I agree with you, I think they could have done it eventually, but had they not moved so fast because of this, with the heavy loss. And the other thing that’s in my mind here, clearly May was the pivotal moment for the Facebook IPO when things really started to go south. And these cracks started getting exposed. But I got to imagine that the whole process was really in Mark and Sheryl’s minds, starting to expose some of this stuff. And, what if they had not bought Instagram in April? If they had not bought Instagram and not moved so quickly to plug these holes, would there be a future or an alternate present today where Instagram had remained an independent company, had become the Facebook of mobile and figured out native advertising, and completely eaten Facebook’s lunch. I mean, so if you look at Facebook’s revenue over the last couple of years, essentially the desktop Facebook is completely flatted down over the last four years. What was their whole business, this meteoric rise that made them the most hyped IPO ever, the largest technology IPO ever, that business is essentially dead? And like you said, 84% of their advertising now is mobile. What if that were, you know, half, a third, a quarter, a fifth, or a tenth of what it is today, and Instagram were the gorilla in mobile advertising?
Ben: Yeah. I mean, there’s a whole lot of things they would need to go right there.

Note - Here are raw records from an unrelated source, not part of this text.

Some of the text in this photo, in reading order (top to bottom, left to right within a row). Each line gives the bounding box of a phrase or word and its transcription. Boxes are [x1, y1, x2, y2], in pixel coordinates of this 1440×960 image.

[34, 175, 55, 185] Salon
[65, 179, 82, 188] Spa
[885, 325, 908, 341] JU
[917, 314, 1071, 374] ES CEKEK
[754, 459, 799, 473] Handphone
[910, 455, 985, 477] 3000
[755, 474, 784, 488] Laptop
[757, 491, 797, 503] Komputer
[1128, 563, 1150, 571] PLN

David: A whole lot of things, for sure.
Ben: They would need to have a Sheryl Sandberg who’s going to build this operational advertising sales business. You would need… well, it’s actually really interesting looking at… So Twitter didn’t have this crux, right?

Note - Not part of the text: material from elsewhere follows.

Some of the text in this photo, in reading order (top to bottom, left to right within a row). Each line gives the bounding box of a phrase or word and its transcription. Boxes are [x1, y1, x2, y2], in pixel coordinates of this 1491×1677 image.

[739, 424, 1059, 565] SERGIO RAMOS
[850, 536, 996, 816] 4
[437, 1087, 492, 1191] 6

David: Yeah. And Twitter was always, you know, if not mobile native, like it was built for mobile.
Ben: Yeah. It’s text messaging, right? Yeah. And you look at their transition to the smartphone world and, I mean, Twitter still doesn’t have a great ad unit. There’s a lot of problems going on there and we’re kind of seeing it all fall apart in front of our eyes. But a large part of it is it’s just never… Facebook ads are way more compelling particularly on mobile. And you raised this interesting point like if Facebook didn’t feel this existential crisis, could they wind up in a Twitter-like situation, maybe not with engagement but with monetization.
David: Yep. Or even maybe not Instagram, but I’ll throw it out there, you know it was February 2012 when Facebook filed its S-1. One year later, February 2013, Snapchat is founded. So you know, one of the greatest things I love the most about our industry is, it is so hyper competitive. I think this is just such a great case study of why you can’t rest on your heels even when you are the largest tech IPO in history because man, the next generation is coming right after you.

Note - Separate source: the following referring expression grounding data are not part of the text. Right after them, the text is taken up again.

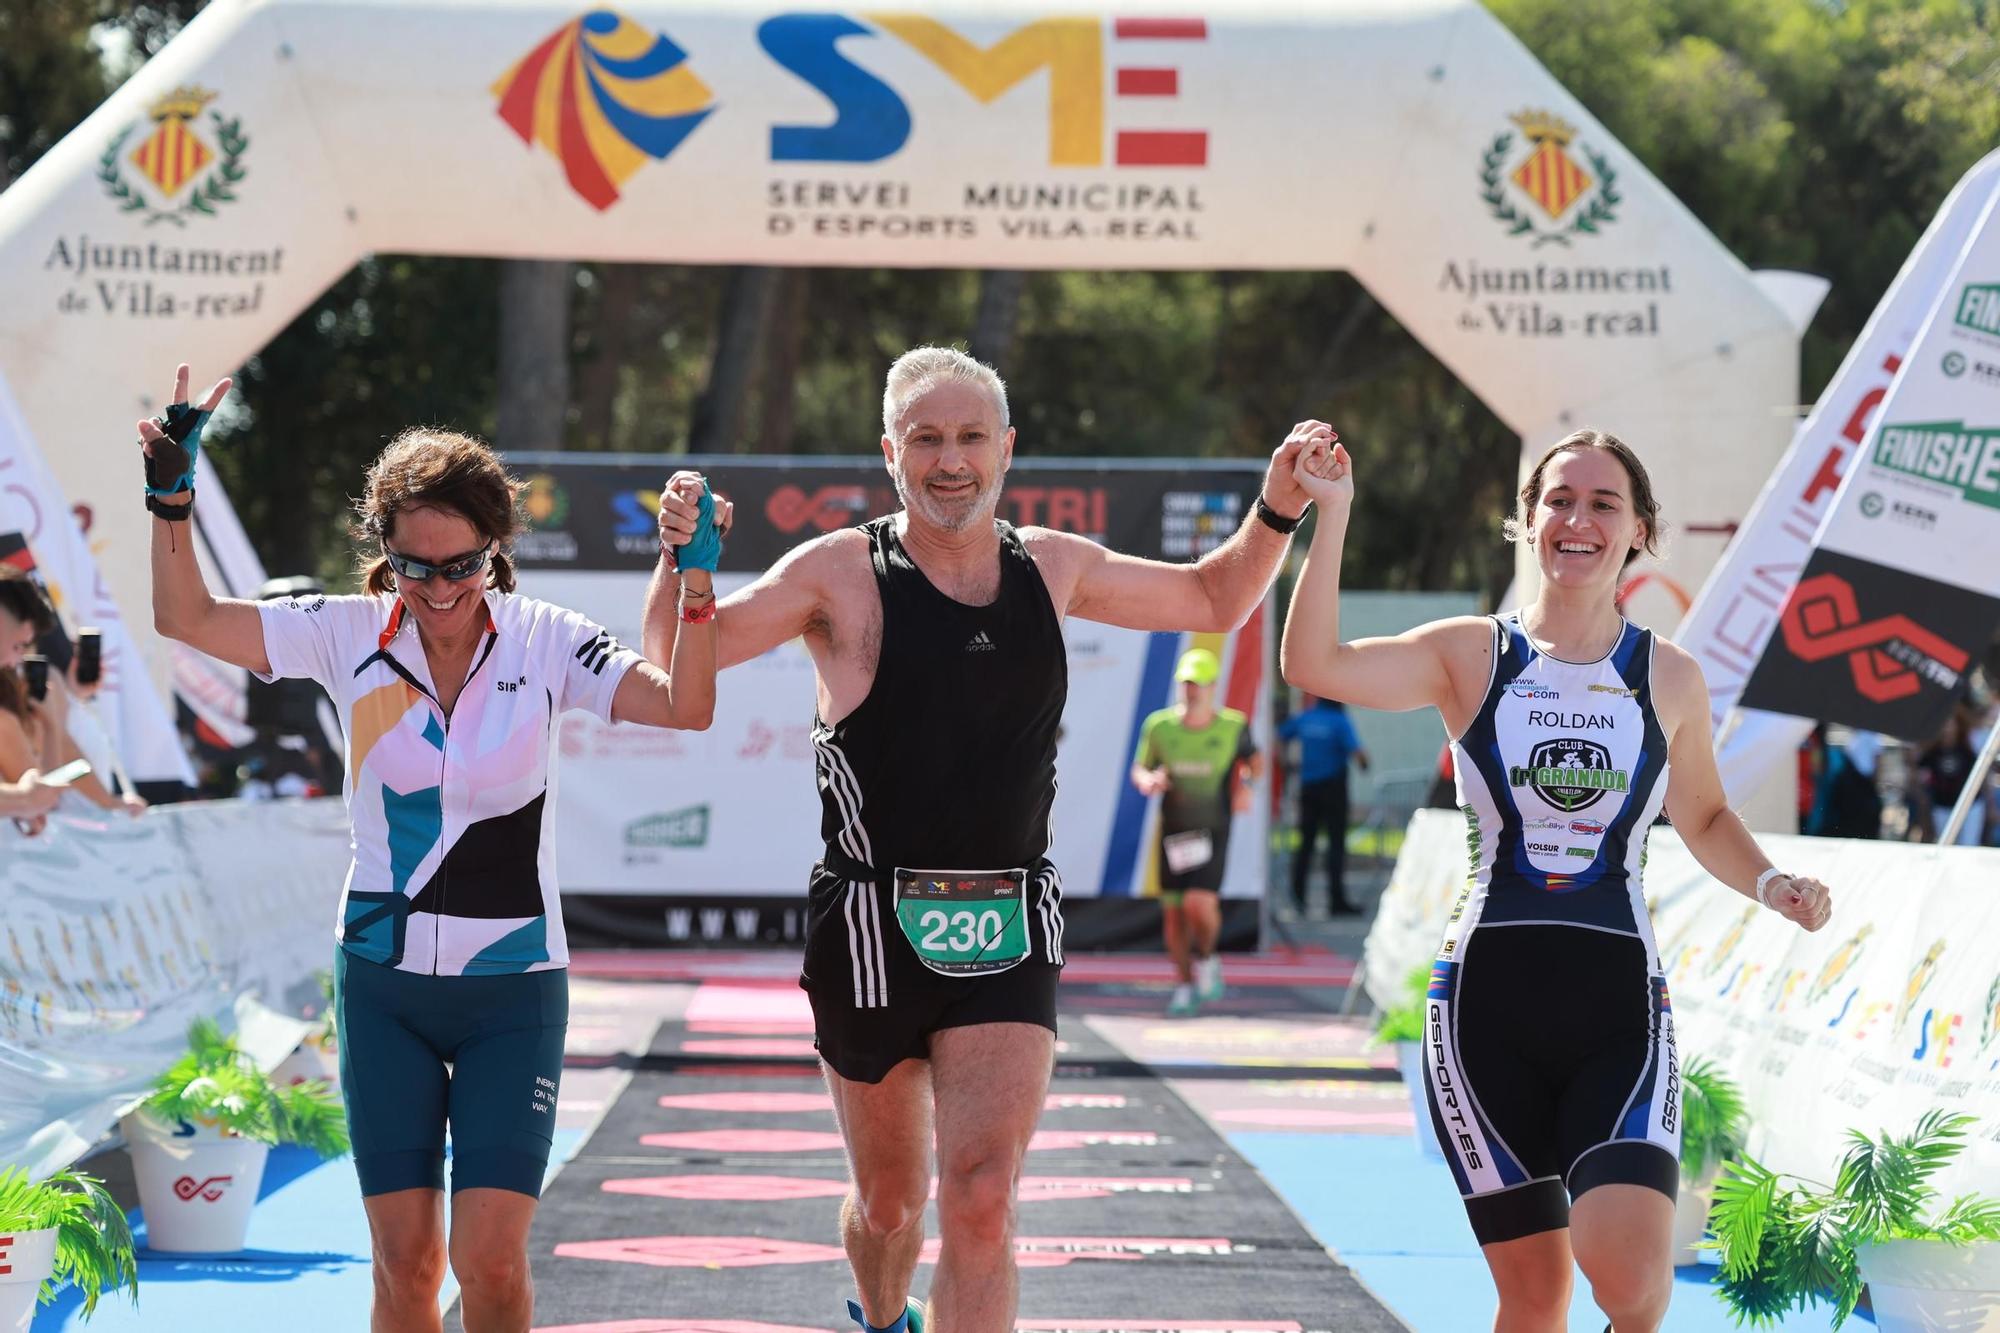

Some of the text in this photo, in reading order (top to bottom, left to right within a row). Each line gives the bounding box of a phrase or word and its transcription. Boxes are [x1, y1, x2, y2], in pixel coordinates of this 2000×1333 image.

[757, 12, 1209, 168] SME
[768, 182, 1204, 212] SERVEI MUNICIPAL
[999, 216, 1199, 240] VILA-REAL
[45, 236, 284, 276] Ajuntament
[1439, 260, 1672, 299] Ajuntament
[58, 282, 264, 318] de Vila-real
[1458, 302, 1659, 338] de Vila-real
[1876, 428, 2000, 492] FINISHE
[1528, 710, 1614, 729] ROLDAN
[1557, 741, 1584, 751] CLUB
[1510, 765, 1630, 795] triGRANADA
[1527, 842, 1560, 853] VOLSUR
[994, 887, 1013, 896] SPRINT
[920, 910, 1003, 952] 230
[1911, 1007, 1964, 1069] SME
[534, 1089, 556, 1105] ON THE
[536, 1076, 556, 1091] INBIKE
[1431, 1003, 1483, 1171] GSPORT.ES

David: All right. Speaking of Twitter, followups. Twitter… lots going on on Twitter these days. But they’re shutting down Vine, potentially selling Vine.
Ben: Yeah, no surprise there. I mean, it’s shocking to me that they haven’t – and I think these will come – but they had like 9% layoffs. It seems like there’s a lot more of that to come. They got to streamline their products. It’s kind of shocking to me that they didn’t do Periscope too in one fell swoop. I think the reason that’s probably living on is because Facebook Live is proving so the future of Facebook that Twitter is really afraid to exit that race when Facebook is making such a big bet on it.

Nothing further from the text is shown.